[Text-to-region grounding data]
·····
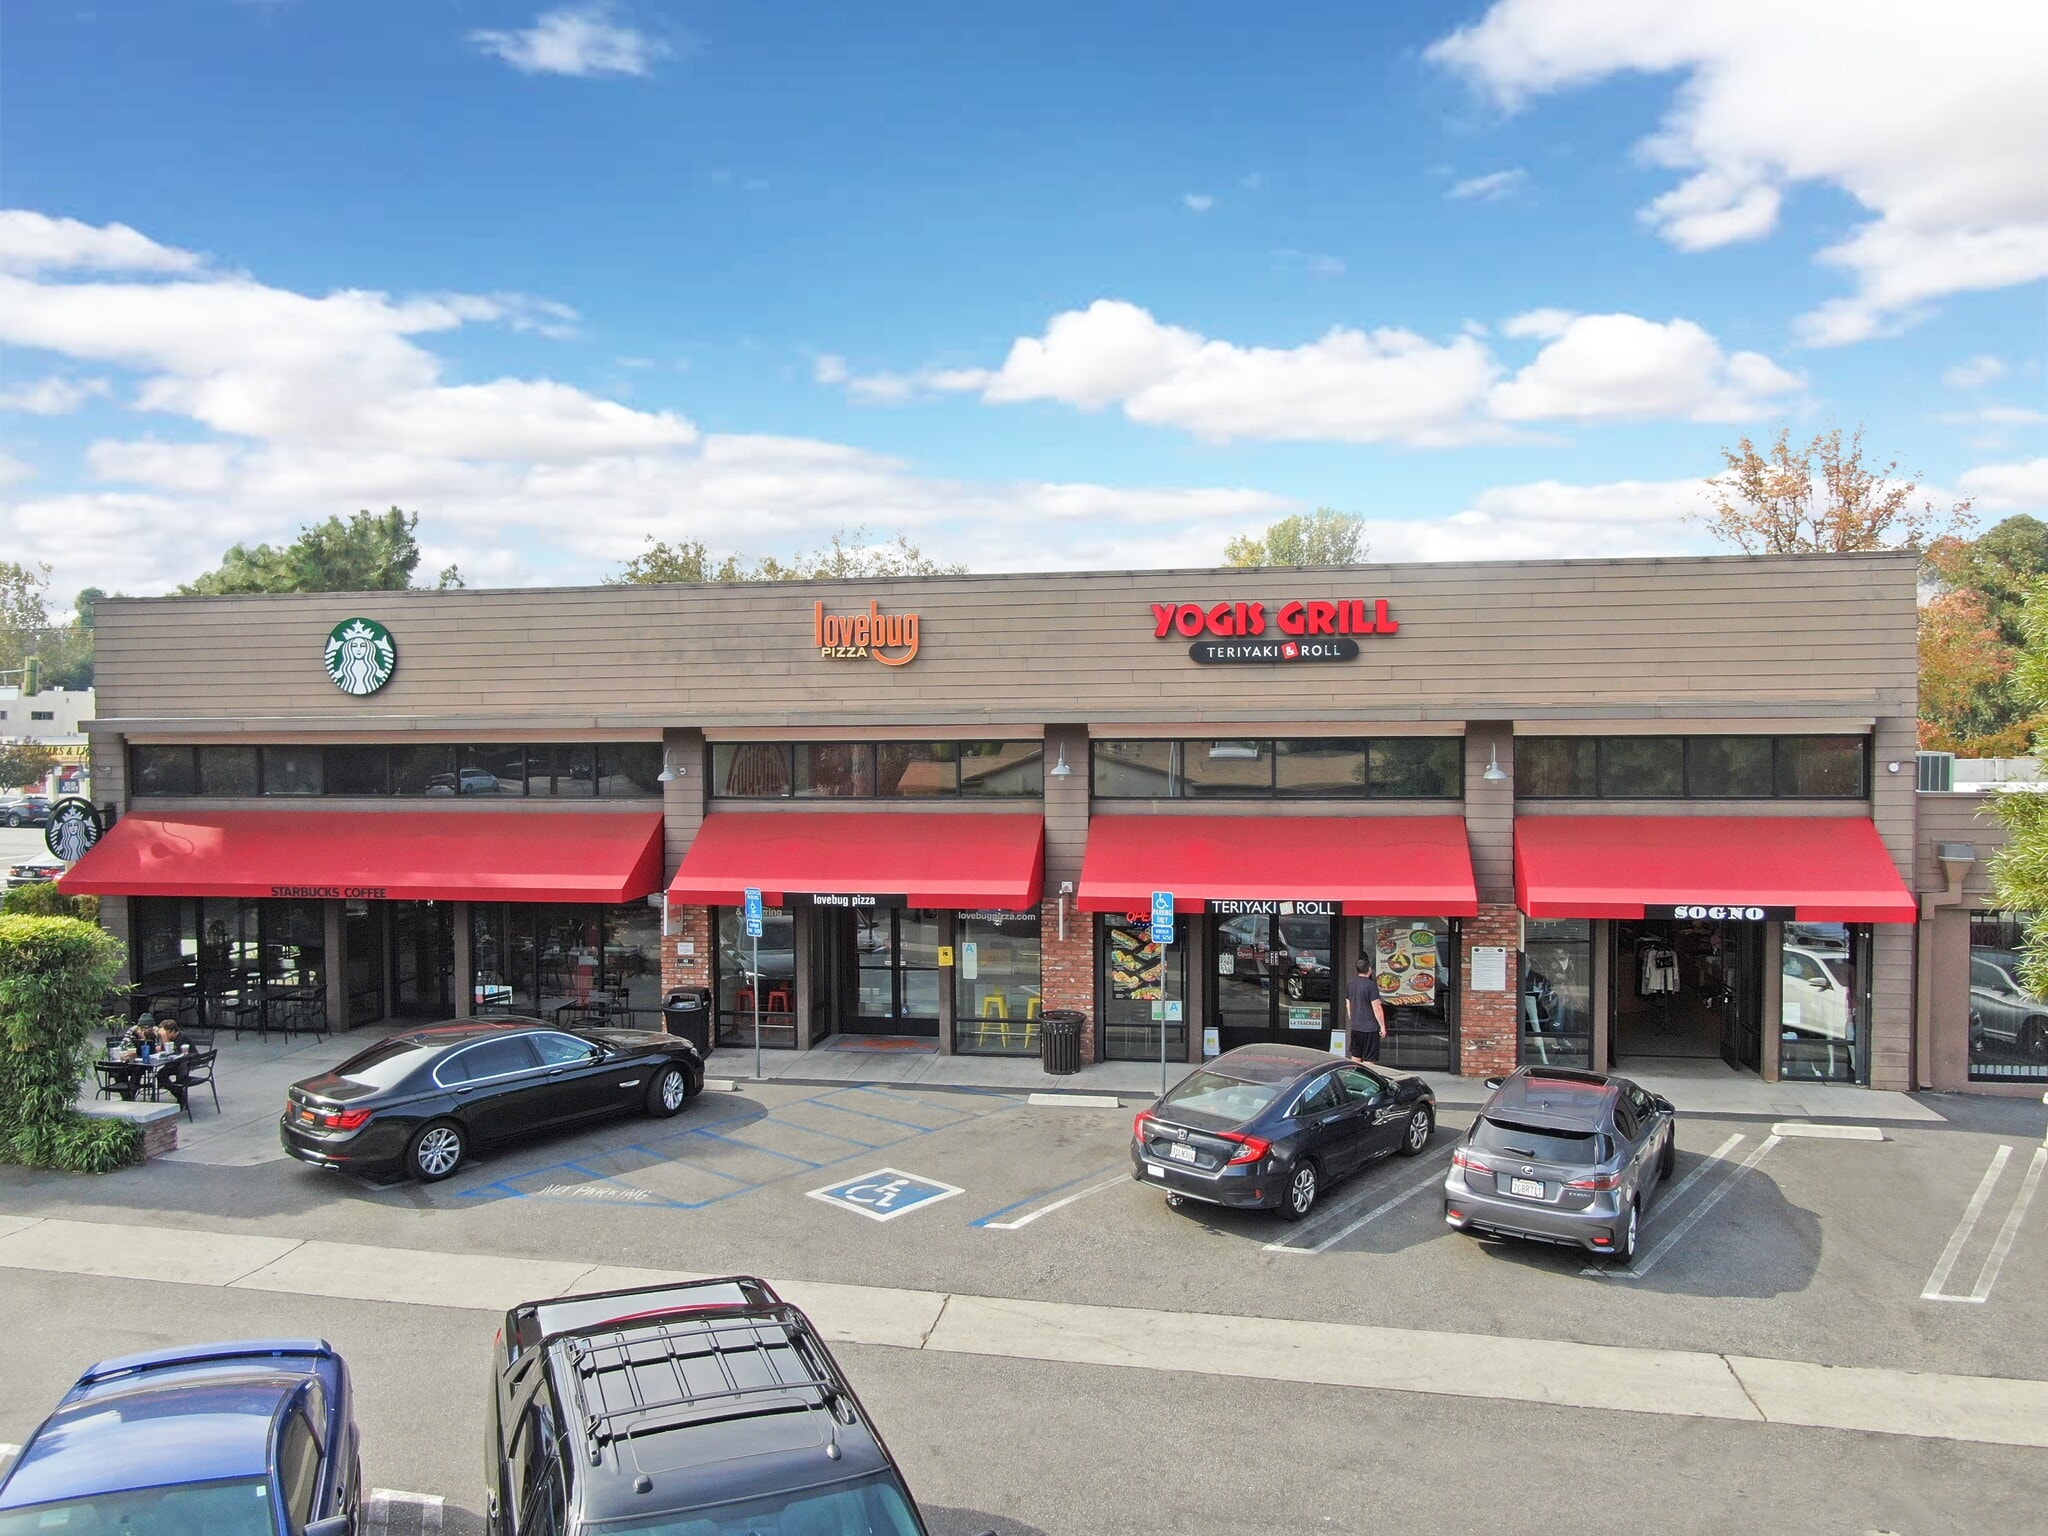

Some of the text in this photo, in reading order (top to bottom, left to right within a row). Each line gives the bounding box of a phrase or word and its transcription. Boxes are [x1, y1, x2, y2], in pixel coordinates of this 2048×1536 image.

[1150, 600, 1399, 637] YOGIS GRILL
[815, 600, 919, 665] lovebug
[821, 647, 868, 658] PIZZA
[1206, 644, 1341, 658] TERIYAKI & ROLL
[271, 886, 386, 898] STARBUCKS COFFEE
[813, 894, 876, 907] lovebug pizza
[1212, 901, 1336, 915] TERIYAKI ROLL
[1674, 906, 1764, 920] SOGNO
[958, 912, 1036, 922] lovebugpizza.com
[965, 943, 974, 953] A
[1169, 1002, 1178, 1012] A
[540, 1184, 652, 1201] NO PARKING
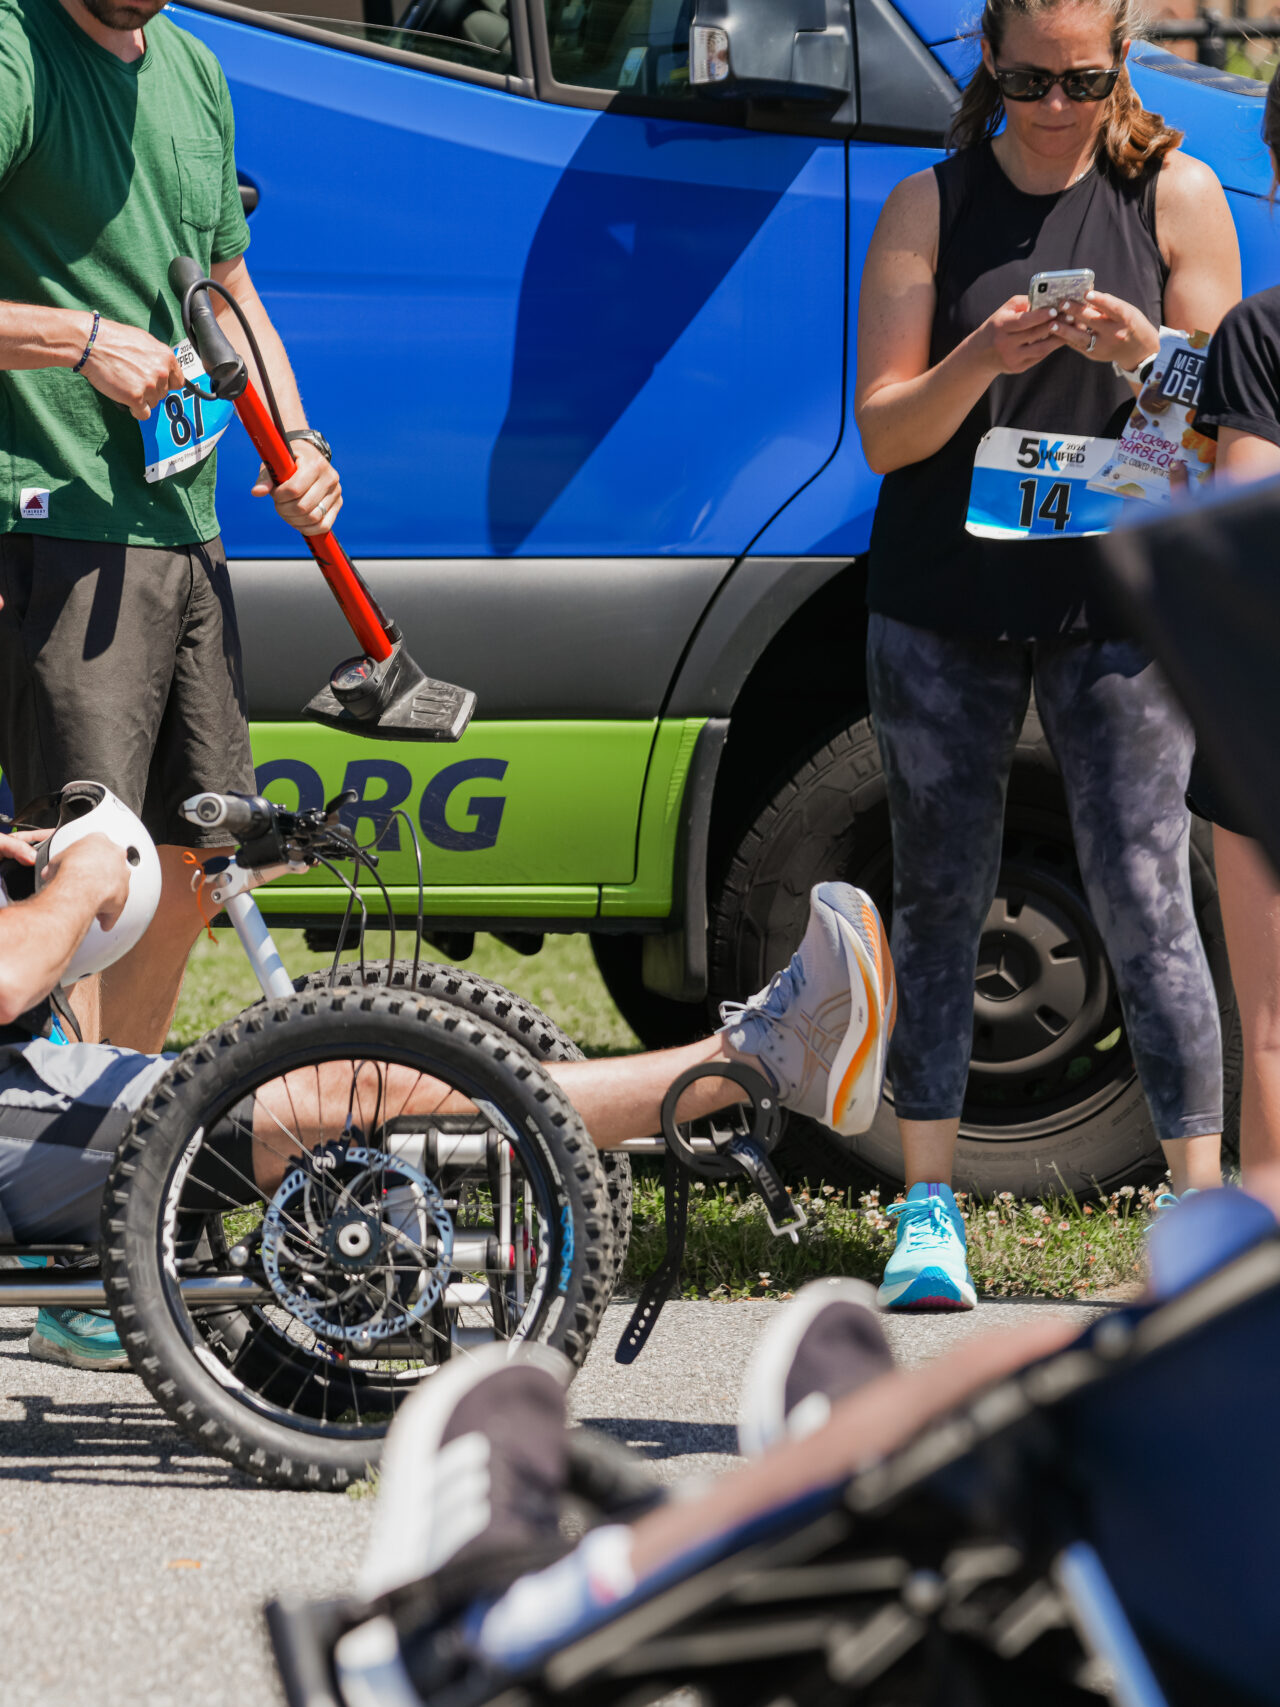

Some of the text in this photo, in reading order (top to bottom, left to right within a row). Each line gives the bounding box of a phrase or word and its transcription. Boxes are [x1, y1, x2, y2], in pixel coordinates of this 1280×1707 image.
·····
## The task
Print each record as it appears above, dropping every picture from the copy.

## Exercise result
Some of the text in this photo, in reading order (top to bottom, left to right within a row). Each line gives the bounding box of a phrase or word and its transcription. Boxes are [x1, y1, x2, y2], in pixel coordinates of this 2048×1536 image.

[1150, 600, 1399, 637] YOGIS GRILL
[815, 600, 919, 665] lovebug
[821, 647, 868, 658] PIZZA
[1206, 644, 1341, 658] TERIYAKI & ROLL
[271, 886, 386, 898] STARBUCKS COFFEE
[813, 894, 876, 907] lovebug pizza
[1212, 901, 1336, 915] TERIYAKI ROLL
[1674, 906, 1764, 920] SOGNO
[958, 912, 1036, 922] lovebugpizza.com
[965, 943, 974, 953] A
[1169, 1002, 1178, 1012] A
[540, 1184, 652, 1201] NO PARKING

Some of the text in this photo, in reading order (top to bottom, left to right within a row). Each line gives the bounding box of a phrase or word and its transcription. Boxes are [x1, y1, x2, y2], in pixel coordinates of this 1280×1707 image.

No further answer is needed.